Each file in the `data` folder should be a file of the format `xxxx.tar.gz`,
where `xxxx` are four digits corresponding to each entry in the `payloads` list
in `header-info`, in order. If any file appears in the data directory that
doesn't have a corresponding header number (e.g. "0000"), or if any file inside
the archive appears that isn't listed in any of the manifest files, an error
should be produced and the update should fail.


Ordering
========

Some ordering rules are enforced on the Artifact tar file.

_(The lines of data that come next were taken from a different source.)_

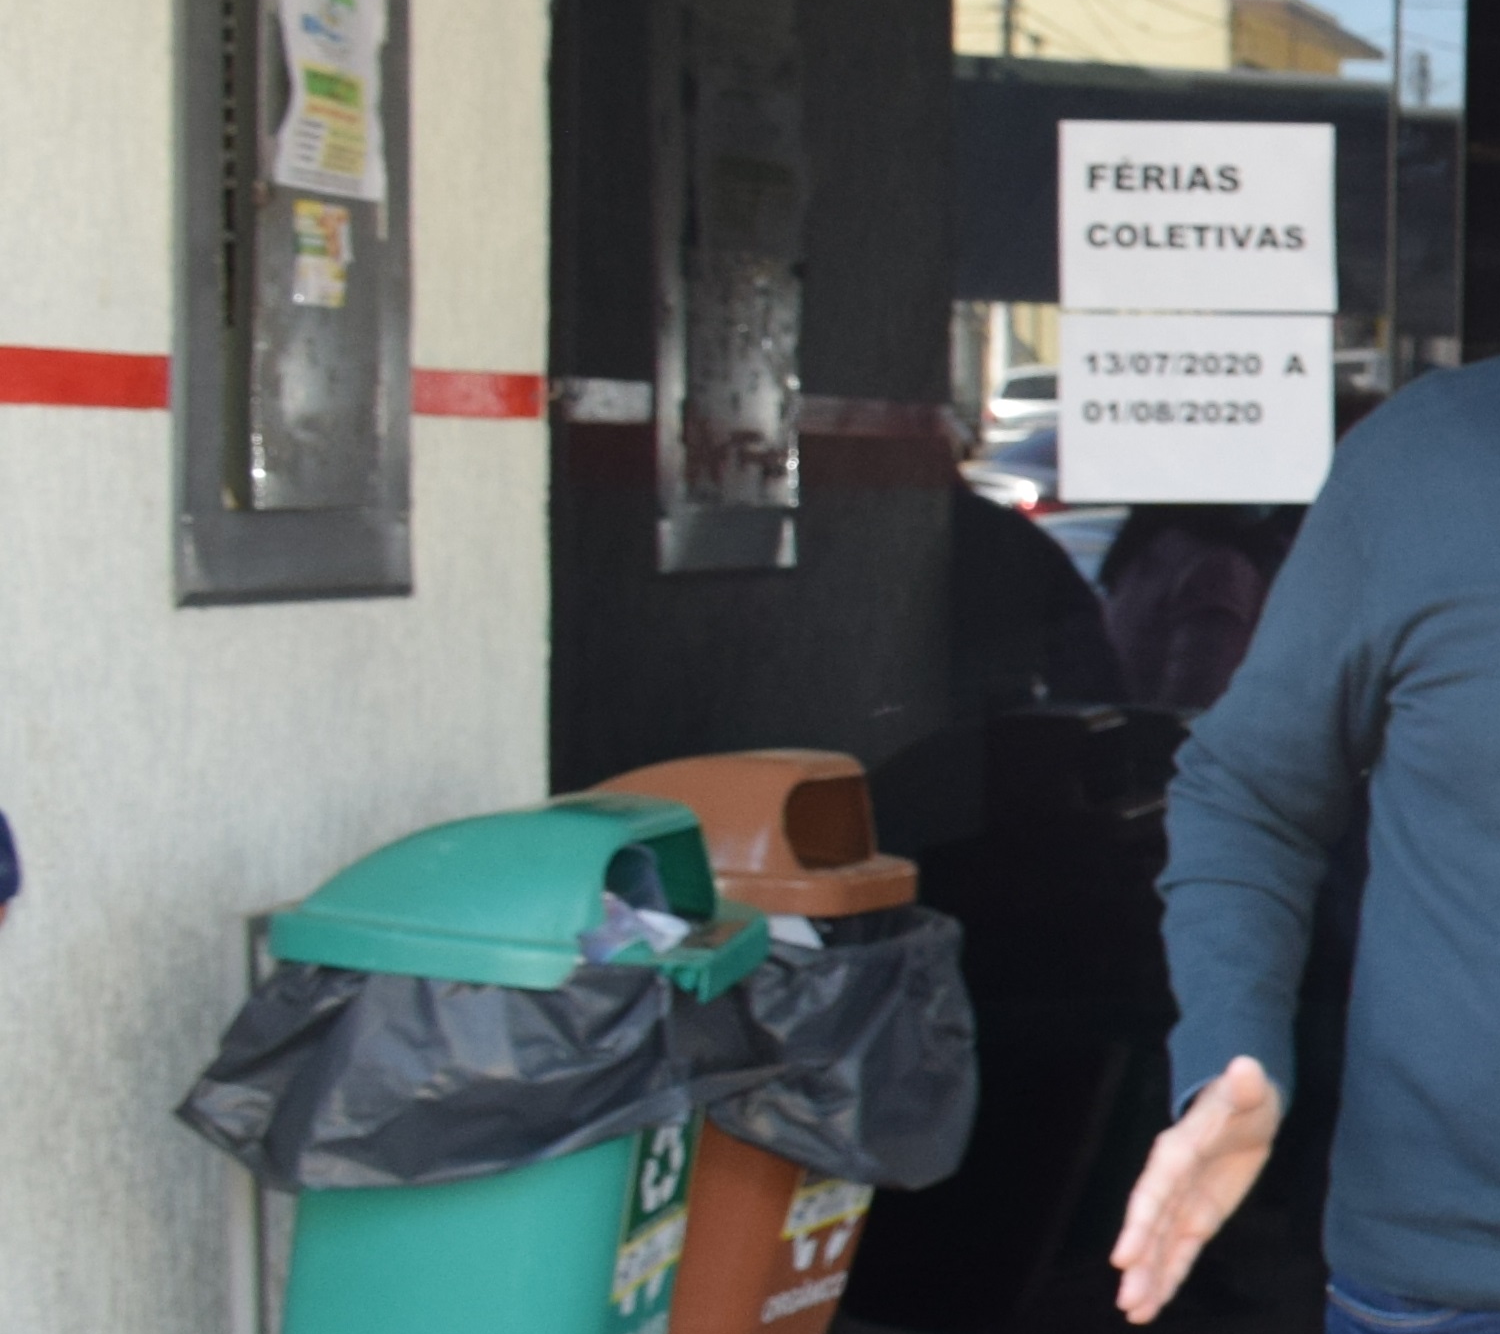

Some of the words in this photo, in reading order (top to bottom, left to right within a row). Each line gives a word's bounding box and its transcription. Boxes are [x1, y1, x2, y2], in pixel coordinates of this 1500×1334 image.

[1087, 157, 1241, 192] FÉRIAS
[1087, 224, 1306, 251] COLETIVAS
[1085, 353, 1262, 376] 13/07/2020
[1283, 354, 1306, 376] A
[1083, 401, 1263, 424] 01/08/2020

For the outer tar
file:

| File/Directory            | Ordering rule                  |
|---------------------------|--------------------------------|
| `version`                 | First in `.mender` tar archive |
| `manifest`                | After `version`                |
| `manifest.sig`            | Optional after `manifest`      |
| `manifest-augment`        | Optional after `manifest.sig`  |
| `header.tar.gz`           | After all manifest files       |
| `header-augment.tar.gz`   | Optional after `header.tar.gz` |
| `data`                    | After `header.tar.gz`          |

For the embedded `header.tar.gz` file:

| File/Directory  | Ordering rule                 |
|-----------------|-------------------------------|
| `header-info`   | First in `header.tar.gz` file |
| `scripts`       | Optional after `header-info`  |
| `headers`       | After `scripts`               |
| `type-info`     | First in every `xxxx` bucket  |
| `meta-data`     | After `type-info`             |

The fact that many files/directories inside `header.tar.gz` have ambiguous rules
(`checksums` can be before or after `signatures`) implies that the order is not
strictly enforced for these entries. The client is expected to cache what it
needs during reading of `header.tar.gz` even if reading out-of-order, and then
assembling the pieces when `header.tar.gz` has been completely read.

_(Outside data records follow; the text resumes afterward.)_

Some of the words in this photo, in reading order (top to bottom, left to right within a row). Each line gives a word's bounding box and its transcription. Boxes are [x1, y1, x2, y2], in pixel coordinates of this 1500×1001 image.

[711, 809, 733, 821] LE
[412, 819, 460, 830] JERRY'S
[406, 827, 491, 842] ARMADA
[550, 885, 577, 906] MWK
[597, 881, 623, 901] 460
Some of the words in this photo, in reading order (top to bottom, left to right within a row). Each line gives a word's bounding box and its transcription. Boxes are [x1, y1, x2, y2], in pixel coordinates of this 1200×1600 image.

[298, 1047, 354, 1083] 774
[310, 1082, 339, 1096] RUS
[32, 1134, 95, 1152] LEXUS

So why do we have the `header.tar.gz` tar file inside another tar file? The reason
is that order is important, and the files in the `data` directory need to come
last in order for the download to be efficient (by the time the main image
arrives, the client must already know everything in the header). Since the
number of files in the header can vary depending on what scripts are used and
whether signatures are enabled for example, it is better to group these together
in one indivisible unit which is the `header.tar.gz` file, rather than being
"surprised" by a signature file that arrives after the data file. All this is
not a problem as long as the mender tool is used to manipulate the
`artifact.mender` file, but if anyone does a custom modification using regular
tar, this is important.


Compression
===========

All file tree components ending in `.gz` in the tree displayed above should be
compressed, and the suffix corresponds to the compression method.


Empty payload artifacts
===========

Artifacts that contain so-called empty payloads which have some unique properties:
* its payload type is `null`
* `data/xxxx.tar.gz` archive must be missing or empty
* do not contain any `meta-data` 
* do not contain augmented artifacts nor their headers.